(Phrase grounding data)
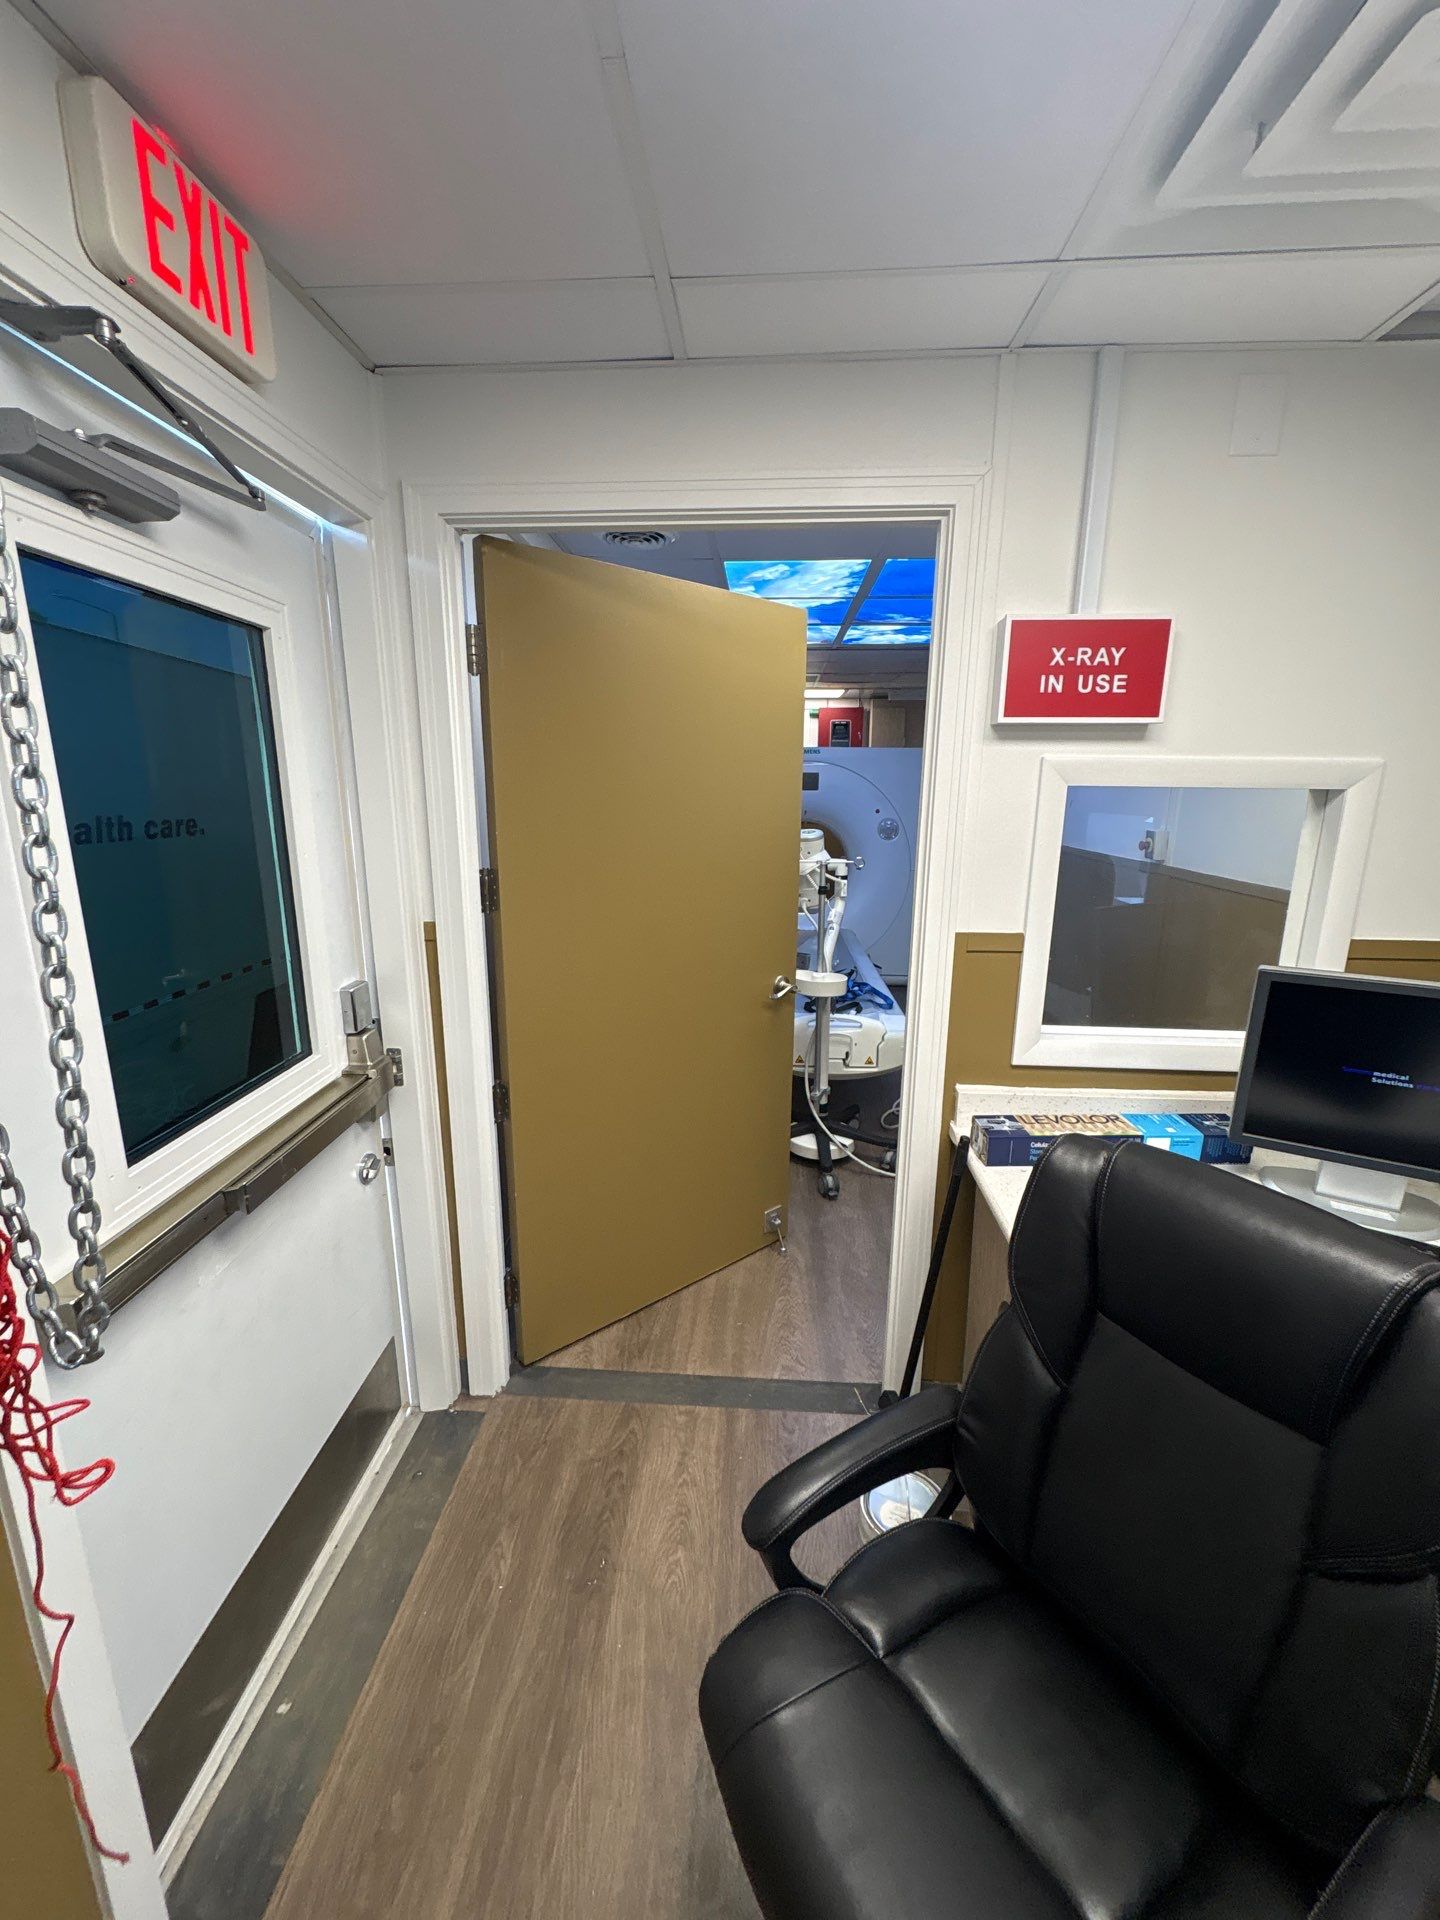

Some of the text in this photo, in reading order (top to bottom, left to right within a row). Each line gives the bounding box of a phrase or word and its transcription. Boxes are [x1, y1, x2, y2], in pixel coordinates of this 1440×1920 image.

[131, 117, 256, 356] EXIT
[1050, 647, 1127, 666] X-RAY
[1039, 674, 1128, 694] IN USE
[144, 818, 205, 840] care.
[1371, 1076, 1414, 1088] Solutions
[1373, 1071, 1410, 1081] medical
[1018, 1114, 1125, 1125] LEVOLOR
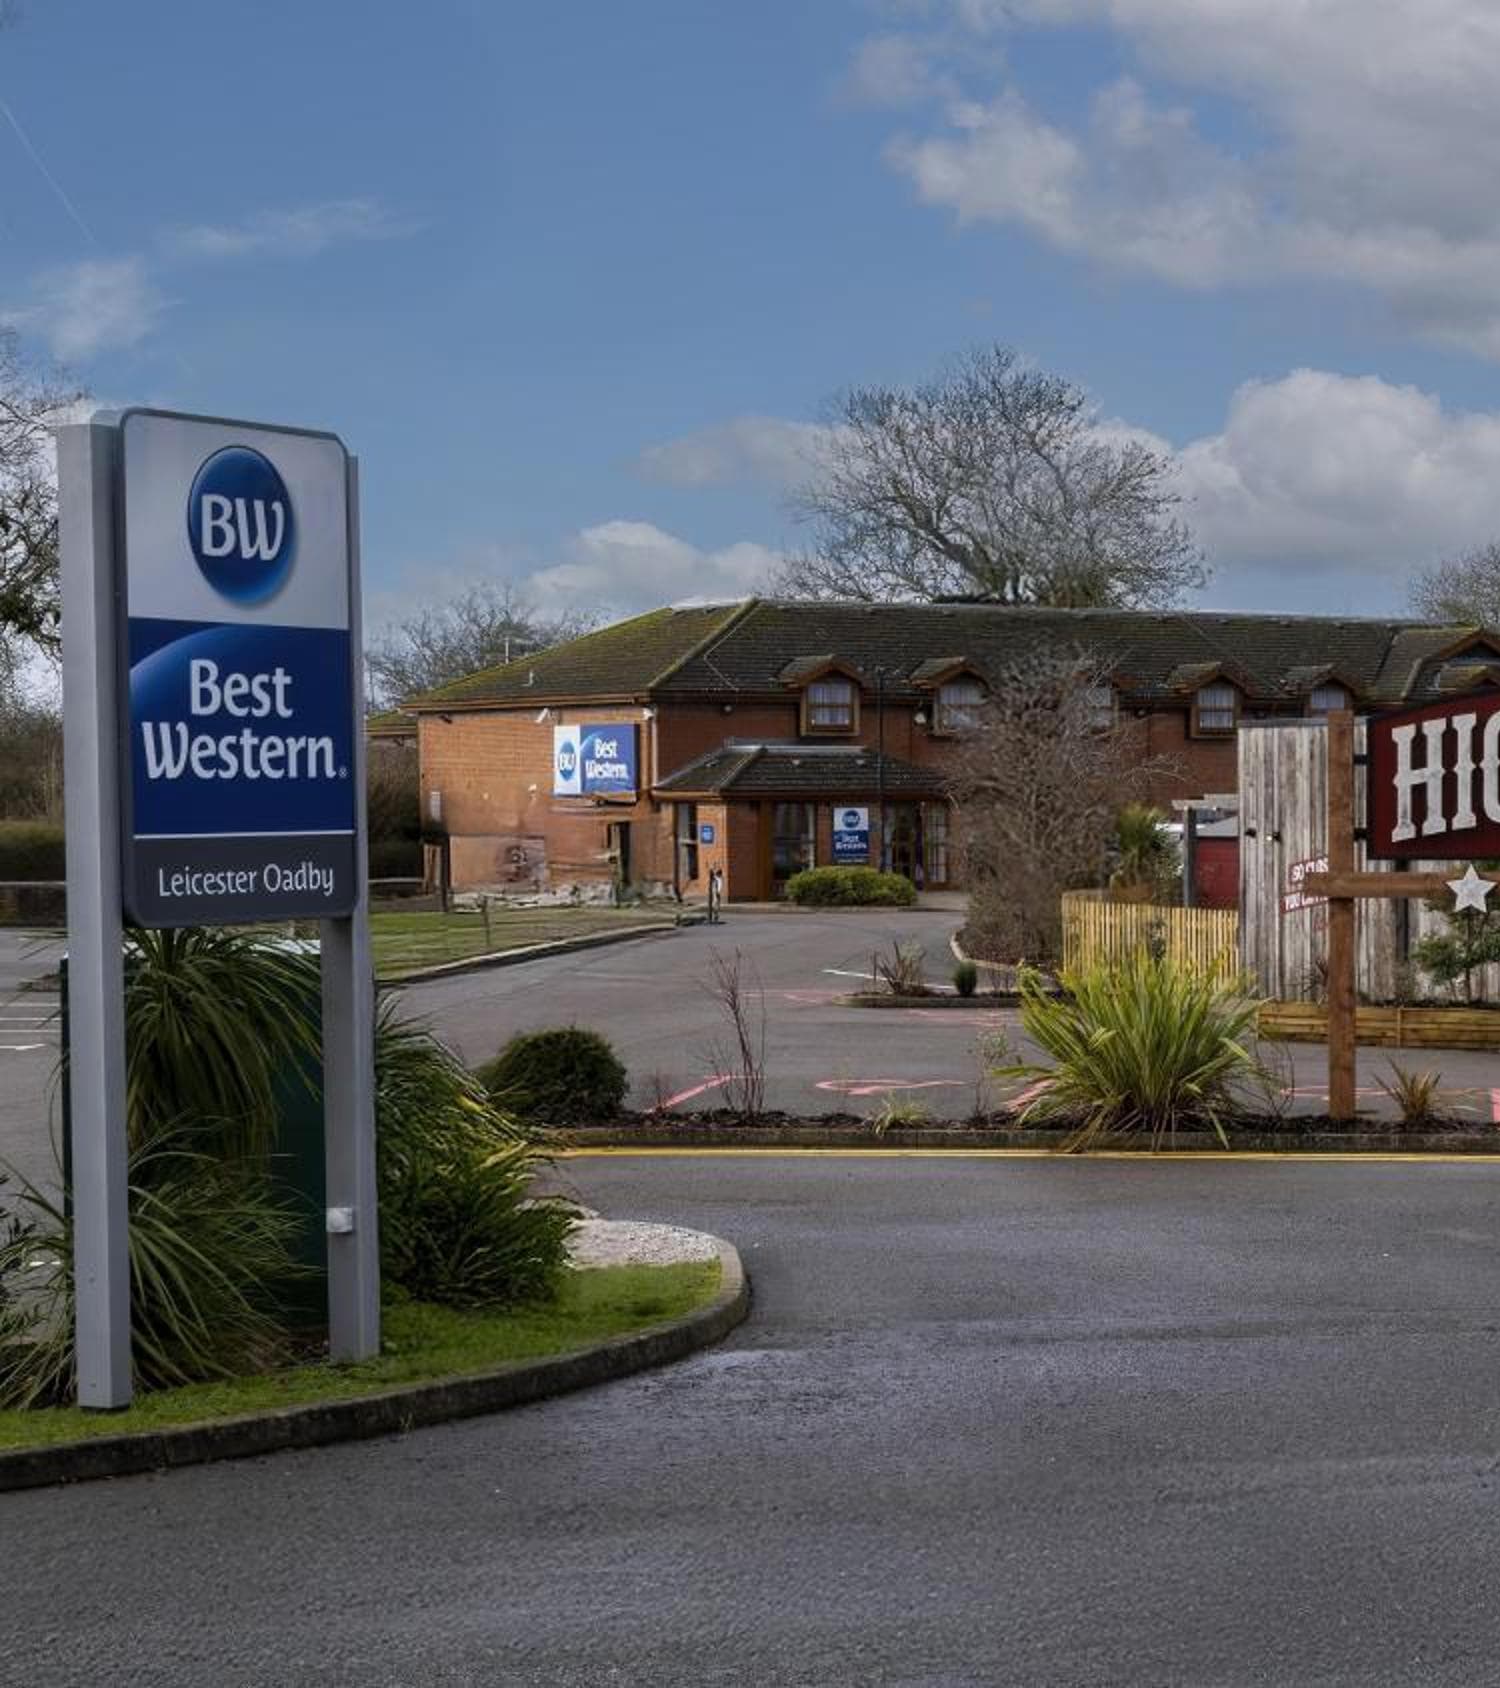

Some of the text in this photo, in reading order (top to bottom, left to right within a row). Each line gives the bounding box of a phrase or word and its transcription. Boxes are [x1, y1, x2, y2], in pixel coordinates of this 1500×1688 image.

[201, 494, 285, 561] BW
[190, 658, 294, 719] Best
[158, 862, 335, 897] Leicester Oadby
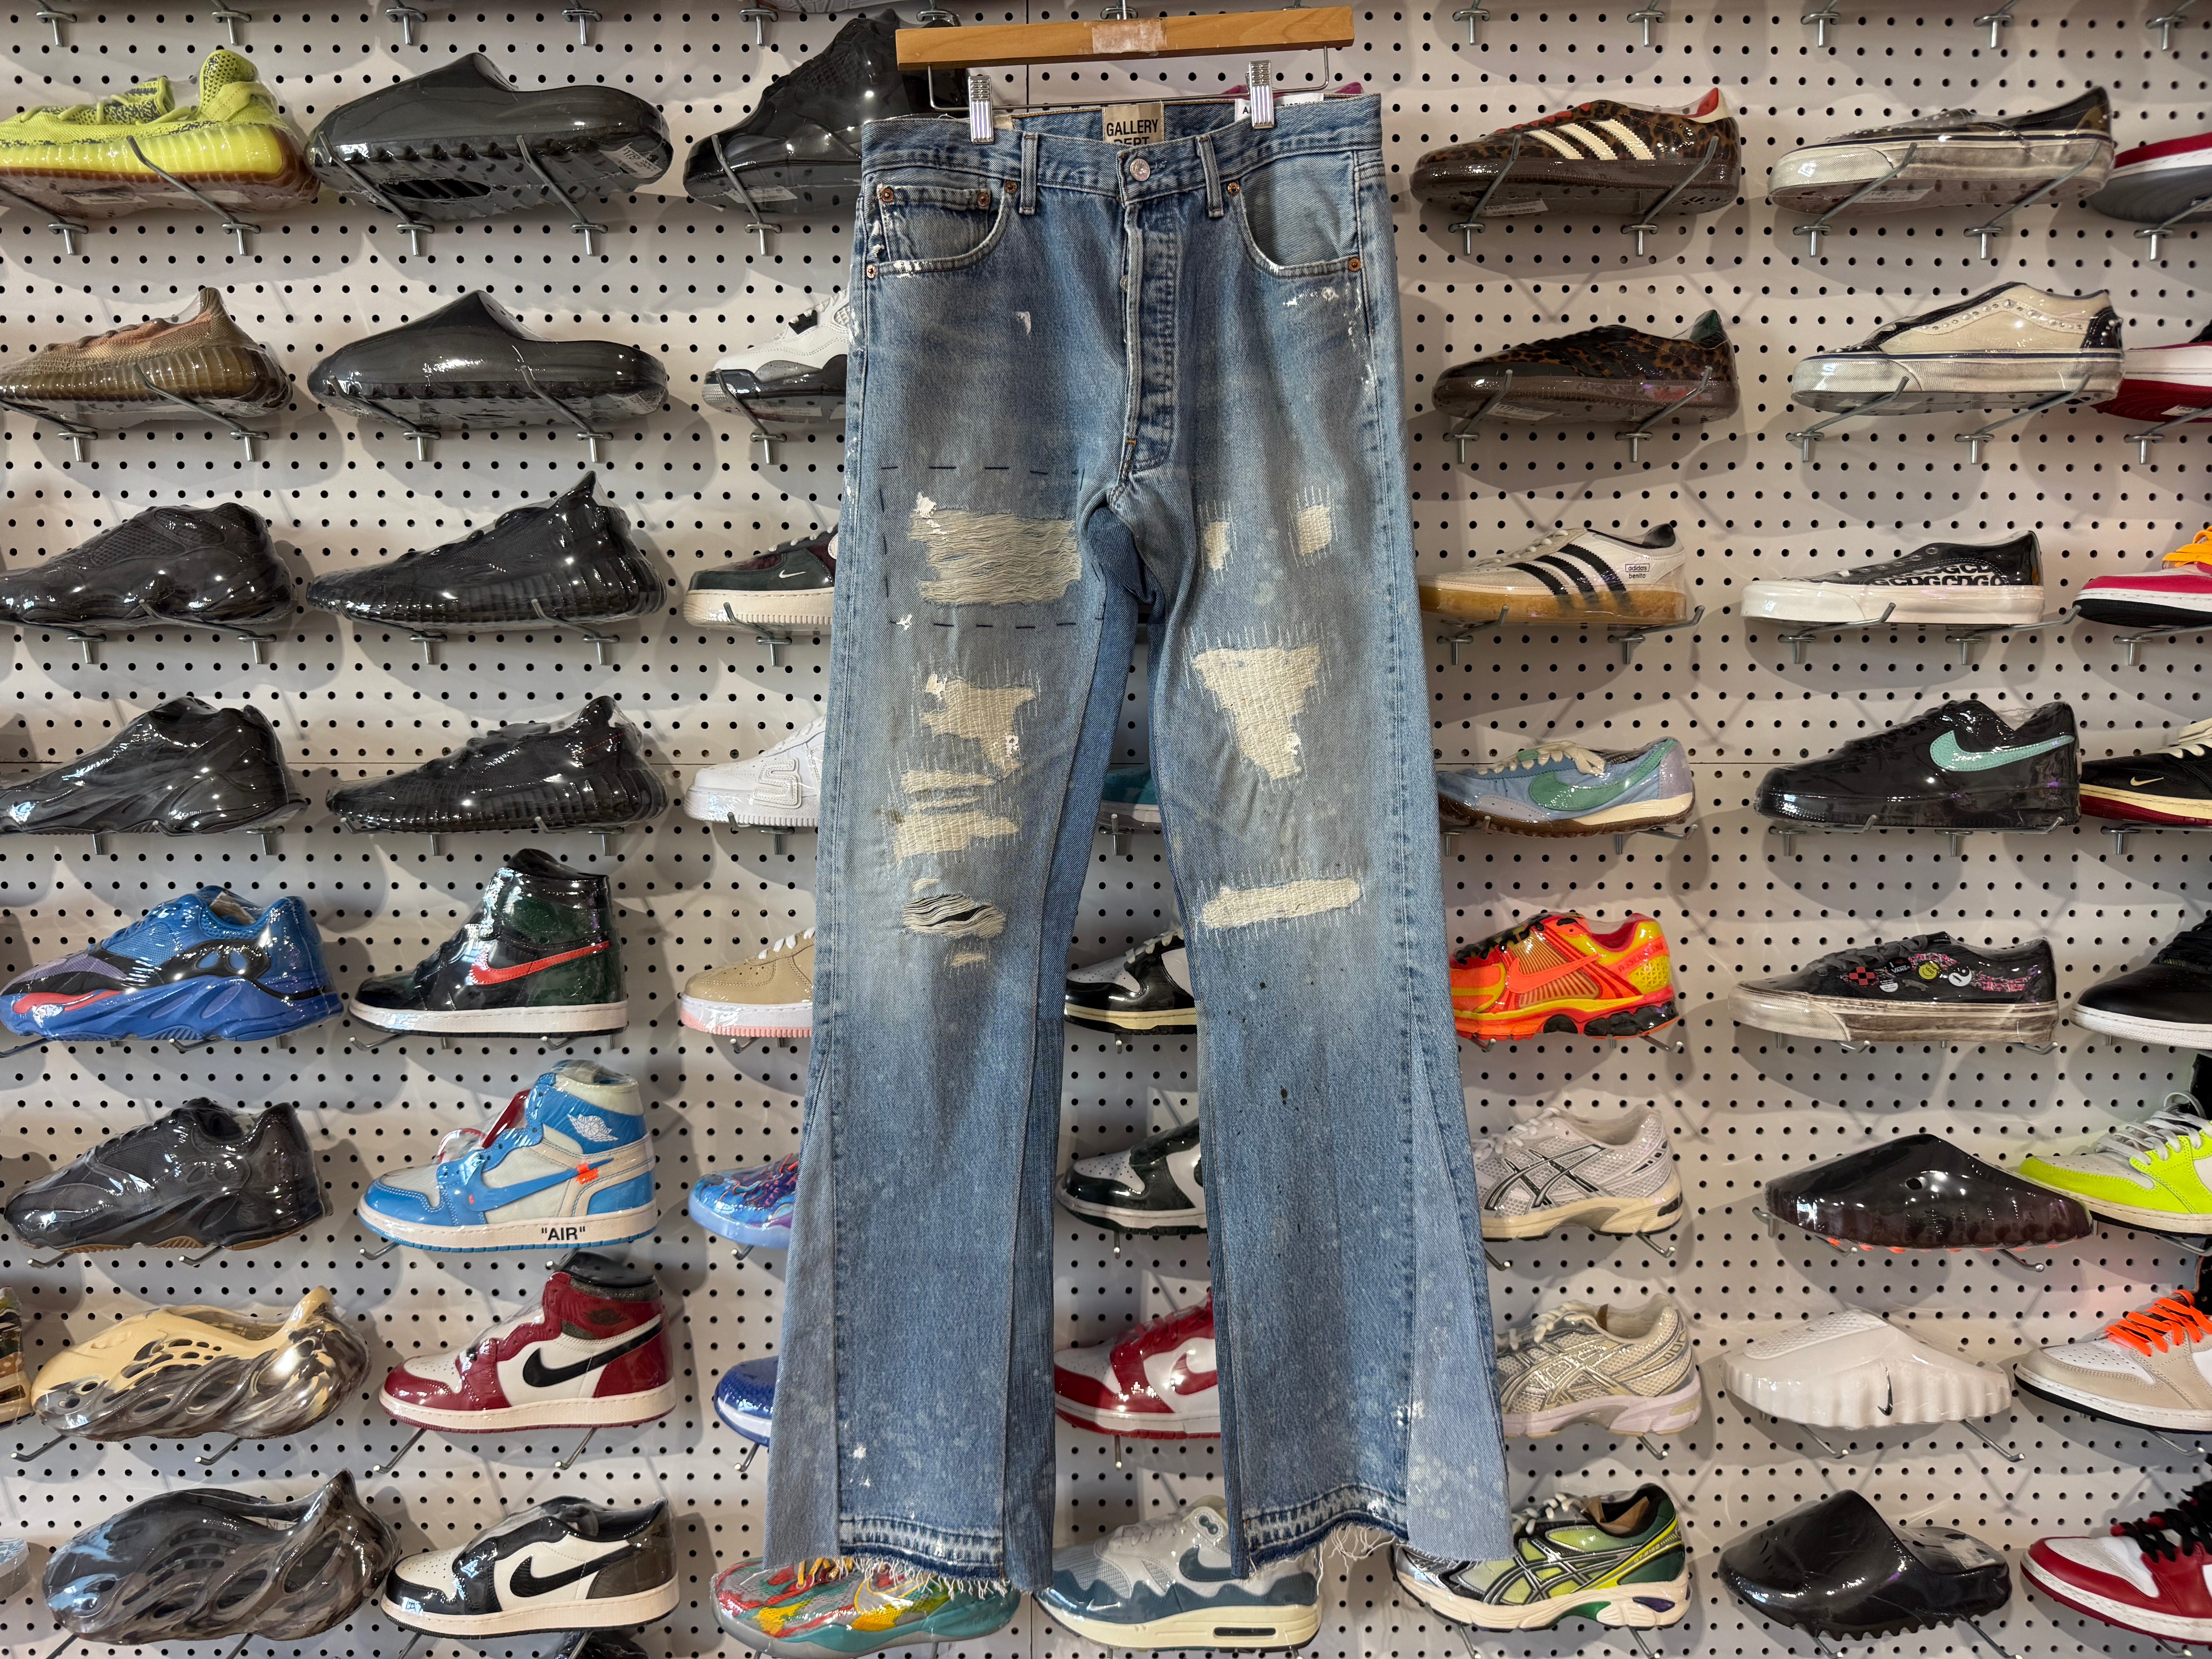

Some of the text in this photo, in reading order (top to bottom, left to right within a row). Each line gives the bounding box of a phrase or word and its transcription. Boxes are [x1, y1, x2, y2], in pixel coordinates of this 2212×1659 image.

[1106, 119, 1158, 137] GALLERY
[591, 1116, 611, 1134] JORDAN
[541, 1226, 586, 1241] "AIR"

# EXERCISE BRIEF
Output each line exactly as shown above; no pictures go in the copy.

# TASK OUTPUT
Some of the text in this photo, in reading order (top to bottom, left to right within a row). Each line gives the bounding box of a phrase or word and its transcription. Boxes are [x1, y1, x2, y2], in pixel coordinates of this 1440×1920 image.

[131, 117, 256, 356] EXIT
[1050, 647, 1127, 666] X-RAY
[1039, 674, 1128, 694] IN USE
[144, 818, 205, 840] care.
[1371, 1076, 1414, 1088] Solutions
[1373, 1071, 1410, 1081] medical
[1018, 1114, 1125, 1125] LEVOLOR

Some of the text in this photo, in reading order (top to bottom, left to right within a row). Each line gives the bounding box of a phrase or word and its transcription. Boxes are [x1, y1, x2, y2], in pixel coordinates of this 1500×1688 image.

[201, 494, 285, 561] BW
[190, 658, 294, 719] Best
[158, 862, 335, 897] Leicester Oadby

Some of the text in this photo, in reading order (top to bottom, left to right within a row). Each line gives the bounding box of a phrase or word and its transcription. Boxes are [x1, y1, x2, y2], in pixel coordinates of this 2212×1659 image.

[1106, 119, 1158, 137] GALLERY
[591, 1116, 611, 1134] JORDAN
[541, 1226, 586, 1241] "AIR"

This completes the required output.